Lim Kit Siang

Kit Siang wants royal inquiry on Sabah poverty

Sat, 20 Nove 2010
By Queville To
Free Malaysia Today

KOTA KINABALU: DAP is calling for a Royal Commission of Inquiry to investigate how Sabah, which was once a rich state, had crashed to a point that it was now the “poorest” in Malaysia and is “likely to stay that way for a considerable length of time”.

In making the call, party adviser Lim Kit Siang also asked how the government had allowed the state to become the poorest in the country if there was “inclusive growth”.

Lim was commenting on a World Bank Report last week which noted that 40% of Malaysia’s poor were centred in Sabah, making it the poorest state in the country.

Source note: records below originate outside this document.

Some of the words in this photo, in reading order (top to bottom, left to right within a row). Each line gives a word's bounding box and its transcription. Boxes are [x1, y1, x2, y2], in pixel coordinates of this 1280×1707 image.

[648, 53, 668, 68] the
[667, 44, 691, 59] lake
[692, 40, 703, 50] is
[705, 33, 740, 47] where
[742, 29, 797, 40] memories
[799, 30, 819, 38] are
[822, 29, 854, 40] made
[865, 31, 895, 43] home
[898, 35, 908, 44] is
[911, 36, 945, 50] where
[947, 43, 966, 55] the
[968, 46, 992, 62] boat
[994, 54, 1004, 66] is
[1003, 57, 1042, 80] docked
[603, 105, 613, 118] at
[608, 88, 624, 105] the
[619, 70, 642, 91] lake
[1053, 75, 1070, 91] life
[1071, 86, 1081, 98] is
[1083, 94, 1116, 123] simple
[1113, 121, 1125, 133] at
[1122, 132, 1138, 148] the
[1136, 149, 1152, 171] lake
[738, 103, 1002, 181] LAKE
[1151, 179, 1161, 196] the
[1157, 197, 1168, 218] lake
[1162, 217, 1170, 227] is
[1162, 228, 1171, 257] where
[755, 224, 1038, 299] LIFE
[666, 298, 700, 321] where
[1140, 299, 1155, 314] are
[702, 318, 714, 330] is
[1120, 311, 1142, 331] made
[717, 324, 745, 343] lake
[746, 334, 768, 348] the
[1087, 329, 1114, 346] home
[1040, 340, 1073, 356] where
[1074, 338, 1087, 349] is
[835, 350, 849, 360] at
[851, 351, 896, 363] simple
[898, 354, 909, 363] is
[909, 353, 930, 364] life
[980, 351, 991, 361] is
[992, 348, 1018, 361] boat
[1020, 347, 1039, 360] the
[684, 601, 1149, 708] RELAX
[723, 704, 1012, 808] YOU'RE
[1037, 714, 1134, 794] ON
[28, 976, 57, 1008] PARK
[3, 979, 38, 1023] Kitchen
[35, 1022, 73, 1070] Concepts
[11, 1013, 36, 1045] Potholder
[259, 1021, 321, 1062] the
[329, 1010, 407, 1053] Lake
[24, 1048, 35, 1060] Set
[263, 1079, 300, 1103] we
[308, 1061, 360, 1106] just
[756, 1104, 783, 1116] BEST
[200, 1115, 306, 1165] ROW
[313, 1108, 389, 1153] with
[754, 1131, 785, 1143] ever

The embarrassing disclosure has since sent state officials helter-skelter looking for arguments to counter the report, which has triggered an uproar against the state government.
Lim said the exhaustive report has exposed the lie that there was “inclusive growth” in the country.

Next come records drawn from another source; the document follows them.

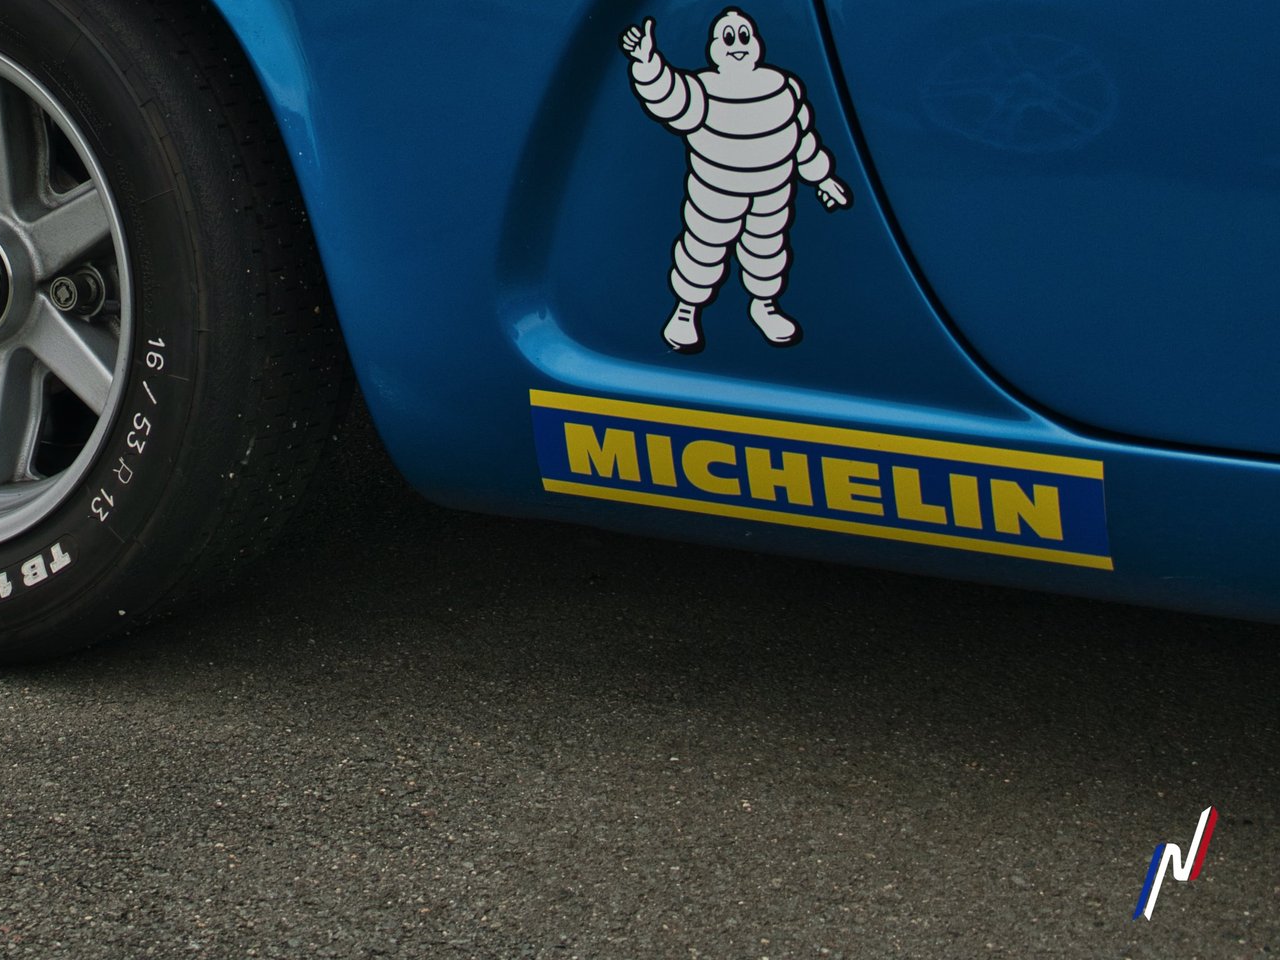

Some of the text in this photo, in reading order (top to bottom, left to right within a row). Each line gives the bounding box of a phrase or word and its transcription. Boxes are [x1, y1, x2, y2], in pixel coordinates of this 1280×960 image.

[146, 338, 165, 370] 16
[127, 412, 151, 453] 53
[113, 457, 133, 484] R
[563, 422, 1063, 540] MICHELIN
[91, 488, 114, 521] 13

“Sabah should not have become the poorest state… it was once one of the richest states before entering into Malaya, together with Sarawak, to form Malaysia, 47 years ago.

“As emphasised in the official report, ‘inclusive growth’, means benefiting every Sabahan and Malaysian and not just a handful of people. It has been the key objective of the government of Malaysia since Independence.

“This (report) is an indictment of the government that after 47 years it has failed to fulfil its promises to the people of Sabah,” he told reporters here yesterday.
Eradication on wrong track

Lim said it was alarming that the World Bank’s Human Development Sector had found that “Sabah is not only the poorest state in Malaysia, but is likely to stay that way for a considerable length of time given current efforts on poverty eradication”.

“This means that Sabah will not only be the poorest state in Malaysia but will continue to be the poorest unless there is a total change in policy,” he said, adding that the economic plan in Sabah was neither balanced nor fair nor equitable nor sustainable for all Sabahans.

Lim said that though the government might have tried for years to eradicate poverty, it was obviously on the wrong track as the report showed that Sabahans would continue to struggle to make ends meet, especially those living in the rural areas.

He said that a Royal Commission of Inquiry should be formed to further probe on whether the guarantees given to Sabah and Sarawak in 1963 when they agreed to establish Malaysia had been fulfilled.

“Both Sabah and Sarawak could be as developed as Peninsular Malaysia. That was what they had hoped but it is clear now that the hope has not been fulfilled.”
Lim said that since DAP alone could not force the setting up of such a commission, it is urging all Sabah BN Members of Parliament to give their full support to determine why Sabah has remained in the backwaters.

Also present at the press conference yesterday were Sabah DAP chairman-cum-Kota Kinabalu MP Hiew King Cheu, Sri Tanjung assemblyman Jimmy Wong and DAP national publicity assistant secretary Teo Nie Ching.